Después hubo gente que me dijo que hay curas que sí que lo hacen, o si tenéis una relación más personal con la persona en cuestión quizás acceda, no lo sé, pero que no es fácil de conseguir por no decir imposible.

 

Tipo de celebración:

Ahí es donde te divides totalmente, empiezas a pensar lo que te gustaría que fuera pero probablemente termine siendo muy diferente de la realidad o de lo que será.

Nuestros pensamientos eran los siguientes:

  • Teniendo en cuenta que para mí lo único imprescindible en mi boda era mi novio, podía aceptar la opción de casarnos en secreto, estaba él que es lo único que necesitaba y me parecía bastante romántico y económico.
  • Celebrarlo en la intimidad en el campo al aire libre de manera muy sencilla.
  • Celebrarlo en la playa, lo cual era una opción de ensueño pero no la veía para nada accesible ni económica y también en un ambiente íntimo.
  • Ceremonia en la iglesia y después convite en algún otro lugar y ahí si que se podía ampliar el número de invitados.

 

Lo cierto es que dices “Sí, quiero una boda íntima” pero cuando empiezas a hacer la lista, 50 invitados (de estos que llamamos imprescindibles) aparecen en un cerrar y abrir de ojos, así que o sacrificas gente a la que te gustaría tener en tu boda o pasas a pensar en una boda media. ¿Qué ocurre? Que la lista suma y sigue y también sobrepasas los 150 invitados, sois dos, nada más que contéis a la familia directa, amigos cercanos y eso ya has cubierto el cupo… pffffffff.. es por ello que digo que no es nada fácil.

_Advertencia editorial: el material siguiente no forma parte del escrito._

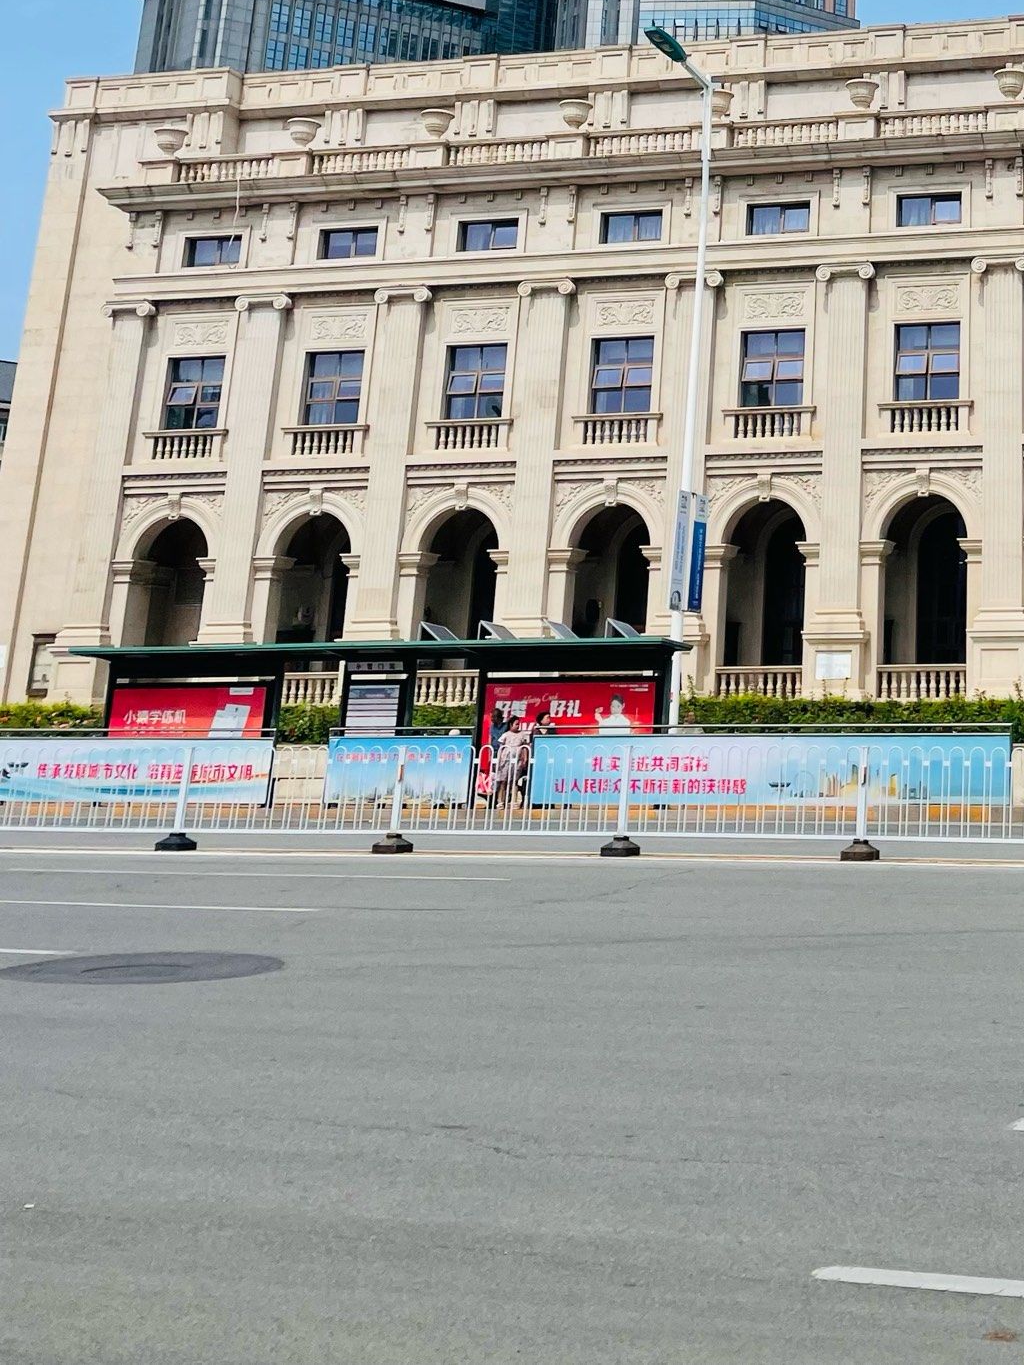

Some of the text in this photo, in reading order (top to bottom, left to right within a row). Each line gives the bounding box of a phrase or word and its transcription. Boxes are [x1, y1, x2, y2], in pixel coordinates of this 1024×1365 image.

[554, 778, 747, 795] 让人民群众不断有新的获得感

Queríamos algo sencillo, con gente cercana, nada de invitar a mil millones de personas y no poder saludar ni a la mitad, o encontrarte gente que ni siquiera conoces apenas, os hará gracia, pero estoy segura de que ocurre.

Intentamos ser coherentes con nuestra decisión de “Boda media”, no os voy a engañar nuestra lista rozaba los 200 invitados, la familia de Mr. R. es muy grande, y eso que de amigos hicimos un buen recorte y nos centramos en aquella gente que compartía con nosotros prácticamente nuestro día a día o aquellos que realmente están ahí siempre aunque estén lejos,.. en fin.. que como digo te plantas en 150 personas en un cerrar y abrir de ojos.

Una vez que pasó la boda encontré esto por Internet y me hizo gracia, me pareció muy curioso porque muchas de esas preguntas nos las llegamos a plantear para decidir si invitábamos a tal  o tal otra persona, quizás os resulte de utilidad, espero que sí:

A quién invitar a la boda

Fuente: Goizargazkiak-blog.com

 

Pero debéis saber que siempre hay gente que no va a confirmar su asistencia por la circunstancia que sea, y al menos un 10% de la lista suele no acudir, pero …. son nada más que estadísticas. Finalmente fuimos 90 lo cual fue un número perfecto para el tipo de boda que queríamos tener y así pudimos estar con todos y dedicar tiempo a los invitados.

 

Consejo: Hagáis lo que hagáis, y cómo lo hagáis procurad que vuestra boda sea un reflejo de vuestra personalidad, que os sintáis cómodos con aquella celebración que habéis organizado, como la orma de vuestro zapato.

Esperando que estos consejos os resulten de utilidad, ¡Hasta prontito!